Aquella sensación, sin embargo, se desvaneció enseguida, porque Mary comprendió súbitamente que en ese instante estaba dejando atrás todo lo que le había sido familiar. Ante ella se abría la incertidumbre de lo desconocido. Una vida con un hombre al que no amaba, en una tierra que le era extraña. La antigua melancolía la dominó de nuevo, penetrando, sombría y oprimente, en su corazón.

Mary dio media vuelta y volvió, abatida, al carruaje. Su doncella Kitty había preferido esperarla en el coche. Al contrario que a Mary, a ella le había parecido magnífico que la casaran con un acomodado terrateniente escocés y saber que pasaría el resto de su vida en un castillo, rodeada de riqueza y lujos. A Mary, en cambio, la idea le resultaba tan insoportable que le provocaba un malestar casi físico. ¿Qué significaba toda esa riqueza, pensaba tristemente para sí, cuando no entraba en juego ningún sentimiento auténtico?

Winston la ayudó a subir al carruaje y esperó pacientemente a que se instalara. Solo después trepó él al pescante, soltó el freno y condujo al tiro de dos caballos pendiente abajo por la estrecha carretera que serpenteaba en dirección al valle.

Mary se atormentó todavía durante un rato contemplando el paisaje por la ventanilla. Vio prados verdes y rebaños de ovejas que pastaban: una imagen de paz, que, sin embargo, no podía aportarle ya ningún consuelo. La sensación de familiaridad que había sentido arriba en el paso se había esfumado para no volver, y a Mary no le quedó más remedio que hacer lo que siempre había hecho en casa, en Egton, cuando tenía la sensación de que la ahogaban las restricciones que le imponía su condición.

Cogió un libro.

– ¿Un nuevo libro, milady? -preguntó Kitty parpadeando divertida, cuando Mary cogió el pequeño volumen encuadernado en piel. La doncella era una de las pocas personas que conocía la pasión secreta de su señora.

Mary asintió.

– Se titula Ivanhoe. Lo ha escrito un escocés llamado Walter Scott.

– ¿Escribir, un escocés, milady? -Kitty rió entre dientes, y luego se sonrojó súbitamente-. Por favor, milady, perdone mis irreflexivas palabras -murmuró avergonzada-. Olvidaba que su futuro esposo, el laird de Ruthven, también es escocés.

– No te preocupes. -Mary esbozó una sonrisa. Al menos Kitty siempre sabía cómo arreglárselas para animarla un poco.

– ¿De qué trata el libro, milady? -preguntó la doncella para cambiar de tema.

– Del amor -respondió Mary con melancolía-. Del amor verdadero, Kitty, del honor y la lealtad. Cosas que, me temo, han quedado un poco anticuadas.

– ¿Y estuvieron de moda alguna vez?

– Eso creo. En todo caso me gustaría creerlo. La forma en que Scott escribe de estas cosas, las palabras que encuentra… -Mary sacudió la cabeza-. No puedo imaginar que alguien pueda escribir así sin haberlo experimentado antes personalmente alguna vez.

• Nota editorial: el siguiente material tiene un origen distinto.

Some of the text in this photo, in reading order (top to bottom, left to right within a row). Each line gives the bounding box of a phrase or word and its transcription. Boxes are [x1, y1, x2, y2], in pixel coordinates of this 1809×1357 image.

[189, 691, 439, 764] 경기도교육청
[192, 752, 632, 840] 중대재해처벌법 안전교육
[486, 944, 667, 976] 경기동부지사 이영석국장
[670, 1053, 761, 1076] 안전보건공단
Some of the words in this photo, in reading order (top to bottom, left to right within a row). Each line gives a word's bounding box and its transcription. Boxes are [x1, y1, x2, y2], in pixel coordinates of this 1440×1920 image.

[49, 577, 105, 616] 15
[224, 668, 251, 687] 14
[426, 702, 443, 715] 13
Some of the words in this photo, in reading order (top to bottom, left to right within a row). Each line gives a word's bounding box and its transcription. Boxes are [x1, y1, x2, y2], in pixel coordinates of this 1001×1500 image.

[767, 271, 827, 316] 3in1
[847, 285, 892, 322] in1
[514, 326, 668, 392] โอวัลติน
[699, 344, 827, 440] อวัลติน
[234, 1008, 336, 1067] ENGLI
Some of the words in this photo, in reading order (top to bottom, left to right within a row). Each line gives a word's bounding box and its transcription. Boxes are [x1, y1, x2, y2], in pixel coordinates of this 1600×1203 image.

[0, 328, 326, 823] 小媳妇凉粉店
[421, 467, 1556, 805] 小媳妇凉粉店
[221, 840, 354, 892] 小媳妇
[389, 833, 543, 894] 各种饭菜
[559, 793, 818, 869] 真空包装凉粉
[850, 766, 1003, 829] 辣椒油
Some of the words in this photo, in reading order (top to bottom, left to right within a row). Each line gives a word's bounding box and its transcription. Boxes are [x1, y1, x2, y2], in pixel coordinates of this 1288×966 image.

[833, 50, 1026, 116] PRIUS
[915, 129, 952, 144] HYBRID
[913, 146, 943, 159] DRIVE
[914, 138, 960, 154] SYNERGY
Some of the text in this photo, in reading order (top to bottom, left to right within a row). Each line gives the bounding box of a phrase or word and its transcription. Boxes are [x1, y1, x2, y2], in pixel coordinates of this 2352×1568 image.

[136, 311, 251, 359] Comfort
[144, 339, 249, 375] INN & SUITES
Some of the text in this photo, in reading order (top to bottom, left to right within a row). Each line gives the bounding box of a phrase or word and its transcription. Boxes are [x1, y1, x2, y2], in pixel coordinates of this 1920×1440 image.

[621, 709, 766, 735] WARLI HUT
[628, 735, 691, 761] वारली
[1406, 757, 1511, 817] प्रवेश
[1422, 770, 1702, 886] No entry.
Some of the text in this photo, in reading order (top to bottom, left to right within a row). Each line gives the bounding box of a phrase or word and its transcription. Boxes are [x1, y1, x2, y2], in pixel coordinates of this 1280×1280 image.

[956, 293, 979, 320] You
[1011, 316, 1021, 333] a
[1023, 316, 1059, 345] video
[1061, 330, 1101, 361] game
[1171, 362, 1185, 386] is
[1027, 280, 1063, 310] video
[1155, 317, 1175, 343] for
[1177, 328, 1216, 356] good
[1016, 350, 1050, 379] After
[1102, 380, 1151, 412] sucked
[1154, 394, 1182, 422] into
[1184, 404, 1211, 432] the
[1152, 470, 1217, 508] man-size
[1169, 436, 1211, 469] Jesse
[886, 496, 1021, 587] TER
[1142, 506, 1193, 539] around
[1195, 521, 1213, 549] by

– ¿Quiere leerme algo, milady?

– Con mucho gusto.

Mary se alegró de que su acompañante mostrara interés por el elevado arte de la palabra escrita. Gustosamente recitó un fragmento de la novela surgida de la pluma de Walter Scott. Y con cada línea que leía, aumentaba su admiración por el arte del escritor.

Scott escribía sobre una época en la que el amor y el honor habían sido algo más que meras palabras vacías. Su novela, que se desarrollaba en la Inglaterra de la Edad Media, trataba de orgullosos caballeros, mujeres nobles, de héroes que se consumían de amor por su adorada y defendían su honor con la afilada punta de su espada…, de una era perdida que probablemente nunca volvería, barrida por el viento del tiempo.

Mary estaba atrapada por la lectura. Con la fuerza de su poesía, Scott sabía expresar exactamente lo que sentía en el fondo de su corazón.

El duelo.

La melancolía.

Y un hálito de esperanza.


Al caer la noche, el carruaje llegó a Jedburgh, un pueblecito situado treinta y ocho kilómetros al sudoeste de Galashiels. Como en toda la localidad solo había una posada que ofreciera alojamiento, la elección no fue difícil.

Los cascos de los caballos repiquetearon sobre los adoquines toscamente tallados cuando Winston detuvo el coche ante el antiguo edificio de piedra natural. Kitty miró por la ventanilla con aire ligeramente reprobador y arrugó la nariz al ver el edificio gris, que un cartel herrumbrado identificaba como The Jedburgh Inn.

– No es precisamente un palacio, milady -se adelantó a opinar-. Se ve que ya no estamos en Inglaterra.

– Eso no me preocupa, Kitty -replicó Mary modestamente-. Tendremos un techo bajo el que cobijarnos, ¿no? Me pasaré el resto de mi vida en un castillo. ¿Qué importa una noche en una posada?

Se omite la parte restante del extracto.